Apify MCP Server (Claude, AI agents)

Use as a tool in Claude Desktop, Claude Code, or any MCP-compatible AI agent framework. The actor is PPE-priced, making it native to AI agent workflows where each task triggers a separate extraction.

Python integration

from apify_client import ApifyClient
client = ApifyClient("your-apify-api-token")
# Extract articles
run = client.actor("tugelbay/article-extractor").call(
run_input={
"urls": [
{"url": "https://blog.apify.com/what-is-web-scraping/"},
{"url": "https://en.wikipedia.org/wiki/Web_scraping"},
],
"outputFormat": "markdown",
}
)
# Read results
for item in client.dataset(run["defaultDatasetId"]).iterate_items():
print(f"Title: {item['title']}")
print(f"Author: {item.get('author', 'Unknown')}")
print(f"Words: {item['wordCount']}")
print(f"Content preview: {item['content'][:200]}...")
print()

JavaScript/TypeScript integration

import { ApifyClient } from "apify-client";
const client = new ApifyClient({ token: "your-apify-api-token" });
const run = await client.actor("tugelbay/article-extractor").call({
urls: [
{ url: "https://blog.apify.com/what-is-web-scraping/" },
{ url: "https://en.wikipedia.org/wiki/Web_scraping" },
],
outputFormat: "markdown",
});
const { items } = await client.dataset(run.defaultDatasetId).listItems();
for (const item of items) {
console.log(`${item.title} (${item.wordCount} words)`);
console.log(item.content?.substring(0, 200));
}

LangChain (RAG pipeline)

from langchain_community.utilities import ApifyWrapper
from langchain_core.documents import Document
apify = ApifyWrapper(apify_api_token="your-apify-api-token")
docs = apify.call_actor(
actor_id="tugelbay/article-extractor",
run_input={
"urls": [{"url": "https://example.com/article"}],
"outputFormat": "markdown",
},
dataset_mapping_function=lambda item: Document(
page_content=item.get("content", ""),
metadata={
"url": item.get("url"),
"title": item.get("title"),
"author": item.get("author"),
"publishedDate": item.get("publishedDate"),
},
),
)

Webhooks and integrations

The actor works with Apify's integration ecosystem:

  • Google Sheets — export extracted articles directly to a spreadsheet
  • Zapier / Make — trigger workflows on new results
  • Slack — get notifications when extraction completes
  • Email — receive dataset as email attachment
  • API — call programmatically via Apify REST API

Use cases

  • LLM training data — extract clean text from web pages for fine-tuning datasets
  • RAG pipelines — feed article content into vector databases for retrieval-augmented generation
  • Content analysis — analyze articles at scale for sentiment, topics, and trends
  • News monitoring — extract and archive news articles automatically on a schedule
  • Research — collect and structure academic or industry content for literature reviews
  • SEO analysis — extract competitor content for gap analysis and content strategy
  • Knowledge base — build searchable archives from documentation sites and blogs
  • Content migration — extract content from legacy sites during CMS migrations
  • AI agents — give your AI agent the ability to read and understand any web page
  • Newsletter curation — automatically extract and summarize articles for newsletters
  • Compliance monitoring — track content changes on regulatory or competitor pages

Cost estimation (PPE pricing)

EventDescription
article-extractedEach article successfully extracted

Example costs:

ScenarioArticlesCost
10 blog posts10~$0.05
100 news articles100~$0.50
1,000 documentation pages1,000~$5
Daily news monitoring (50 articles/day)1,500/month~$7.50/month
Large-scale extraction10,000~$50

First 100 extractions are free to help you evaluate the actor.

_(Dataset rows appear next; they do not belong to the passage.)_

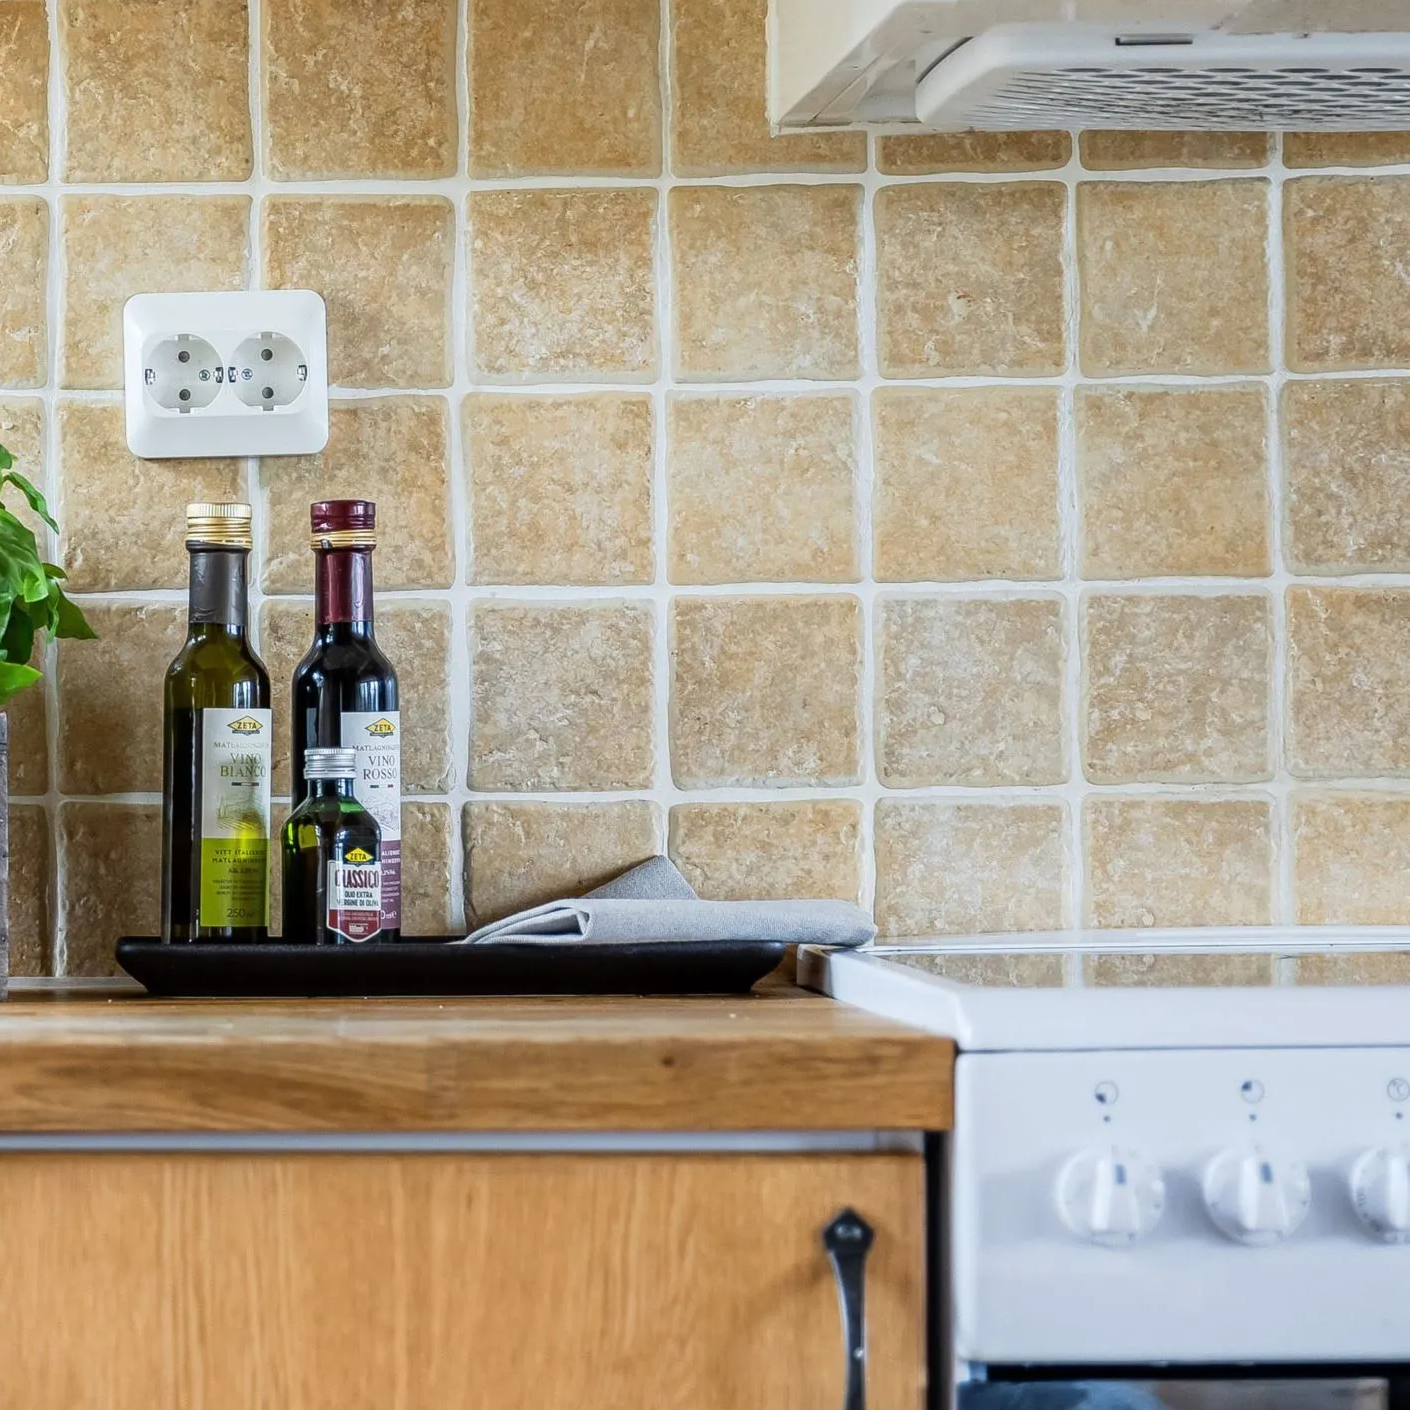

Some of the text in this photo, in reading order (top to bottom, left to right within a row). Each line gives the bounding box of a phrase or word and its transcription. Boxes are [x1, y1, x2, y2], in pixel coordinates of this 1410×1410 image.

[237, 721, 257, 729] ZETA
[374, 724, 392, 732] ZETA
[230, 752, 262, 764] VINO
[368, 755, 396, 766] VINO
[220, 765, 267, 778] BIANCO
[363, 768, 398, 780] ROSSO
[335, 869, 380, 889] CLASSICO
[226, 908, 246, 918] 250

Tip: Set extractImages: false and extractLinks: false to speed up extraction and reduce output size when you only need the text content.

FAQ

What types of pages work best?

Article Extractor works best on article-style pages: news articles, blog posts, documentation pages, Wikipedia articles, and similar content. The Readability algorithm is designed to identify the "main content" of a page and strip everything else.

Does it work on JavaScript-rendered pages (SPAs)?

No. Article Extractor uses fast HTTP requests (no browser). Pages that require JavaScript to render content (React SPAs, Angular apps) will return empty or minimal content. For those pages, use RAG Web Browser which has automatic browser fallback.

How fast is it?

Very fast. Since it uses HTTP requests (no browser), it can process 100 articles in 2–3 minutes with default concurrency. Increase maxConcurrency to 50 for even faster processing.

Can I extract content behind login walls or paywalls?

No. Article Extractor only works with publicly accessible pages. It cannot bypass login walls, paywalls, or CAPTCHA-protected content.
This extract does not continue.